François Baroin a estimé mardi que la protestation des magistrats contre les déclarations de Nicolas Sarkozy dans l'affaire Laetitia était "pour une large part orchestrée par des syndicats" opposés au gouvernement et qui refusent "d'assumer leurs responsabilités".
"Ce mouvement, certainement pour une large part sincère, est pour une large part organisé ou orchestré par des syndicats qui sont en opposition avec l'action du gouvernement", a déclaré le porte-parole du gouvernementaux, François Baroin aux 4 vérités sur France 2.
Un bras de fer pouvoir exécutif /autorité judiciaire sans précédent en France et en Europe
Cette "grève" des audiences a débuté lundi notamment à Bordeaux, Aix-en-Provence, Lyon, Besançon, Pointe-à-Pitre, Mayotte, Strasbourg, Dijon, Saint-Etienne, Avignon, Auxerre, Bayonne, Rennes, La Rochelle, et au Havre.
Les syndicats de magistrats ont reçu le soutien du Conseil national des barreaux, qui représente la profession d'avocat, et de nombreuses personnalités de l'opposition. Evénement rarissime, même les magistrats de la Cour de cassation, plus haute instance judiciaire du pays, songent à se joindre au mouvement.
Les policiers, également critiqués, sont divisés. Le syndicat SNOP (majoritaire chez les officiers) a dit qu'il serait présent à la manifestation de jeudi et Unité SGP-FO (1er des gardiens de la paix) a dénoncé les propos du président. Mais Synergie (2e syndicat d'officiers) et Alliance (2e syndicat de gardiens) ont refusé de se joindre à la fronde.

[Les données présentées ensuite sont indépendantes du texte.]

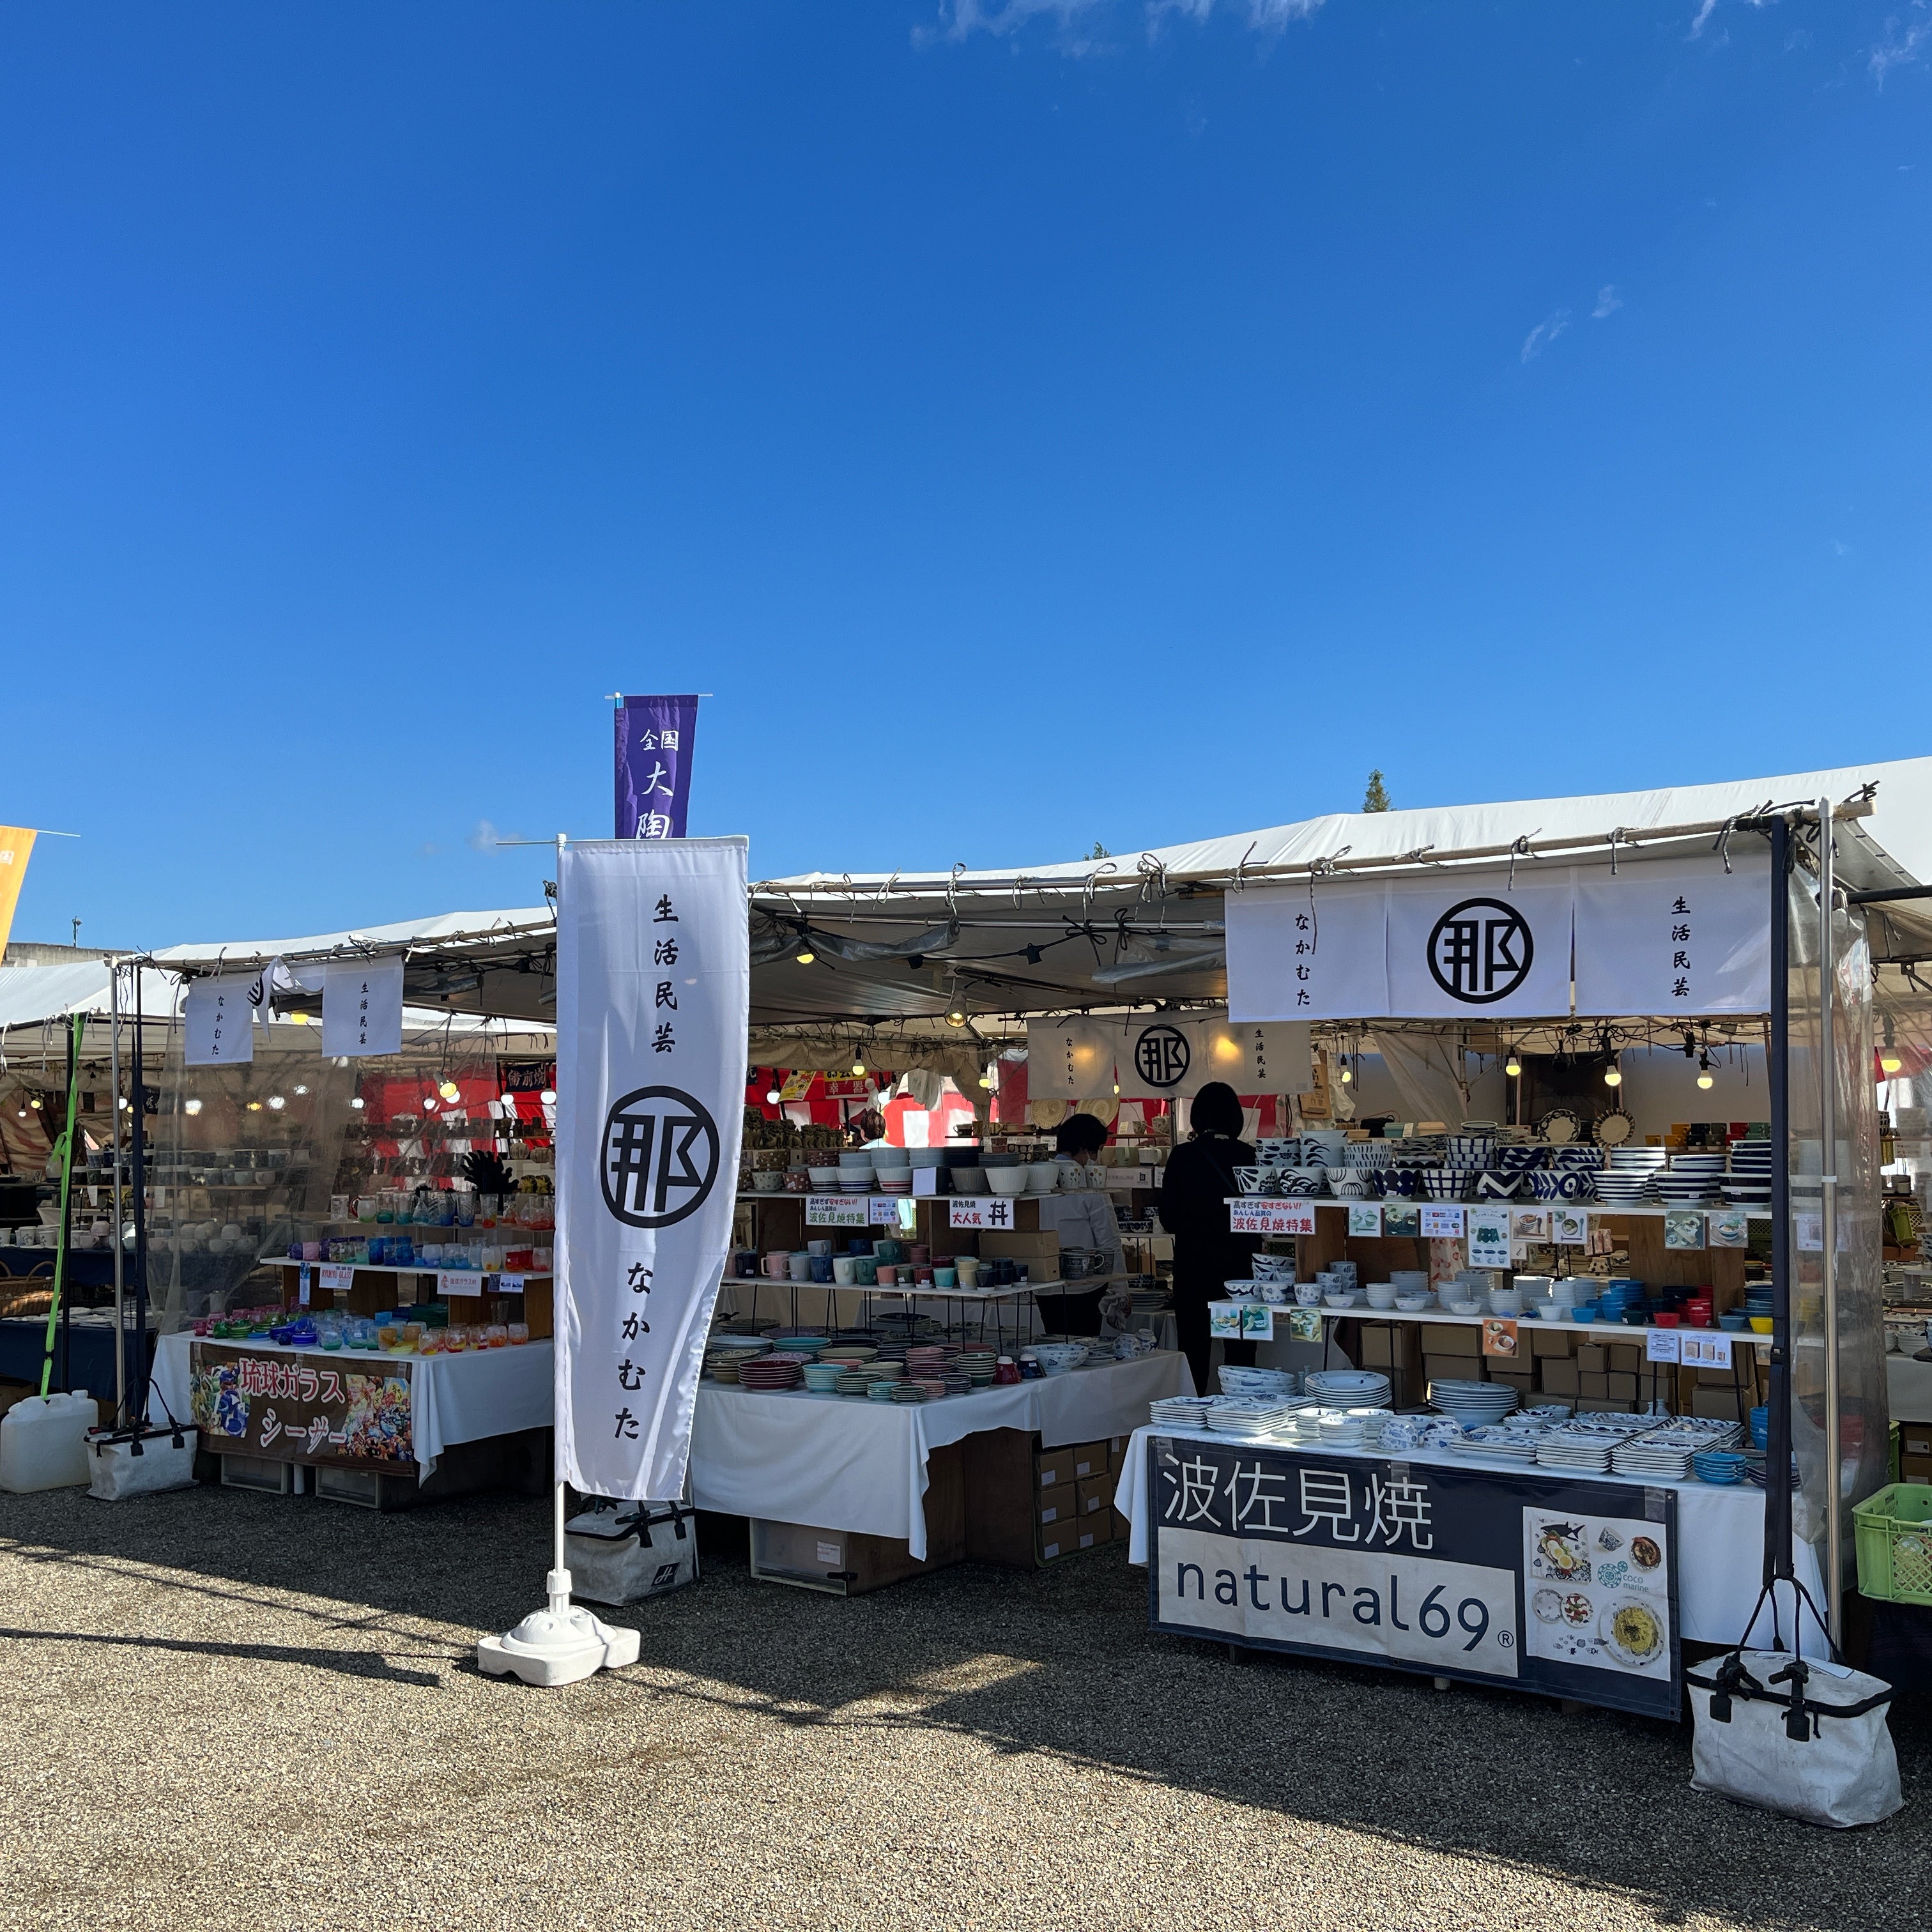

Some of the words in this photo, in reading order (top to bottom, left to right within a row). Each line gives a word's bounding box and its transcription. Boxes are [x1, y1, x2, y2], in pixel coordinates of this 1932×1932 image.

"Une sorte de raz-de-marée", selon l'USM
"On n'a jamais vu ça. C'est unique d'arriver à cette situation en quelques jours. C'est la première fois que toute la magistrature, hiérarchie et base, est à l'unisson", a-t-il déclaré Christophe Régnard, président de l'USM (Union syndicale des magistrats, majoritaire), mettant notamment en exergue le soutien de la conférence nationale des procureurs généraux, sommet du parquet français, aux liens étroits avec la Chancellerie.
"C'est une sorte de raz-de-marée, c'est vraiment le ras-le-bol de l'intégralité des magistrats français", a dit Virginie Valton, vice-présidente de la même USM.
Le secrétaire général du Syndicat de la Magistrature (SM, gauche), Matthieu Bonduelle, a estimé de son côté n'avoir "jamais vu un état de mobilisation pareil".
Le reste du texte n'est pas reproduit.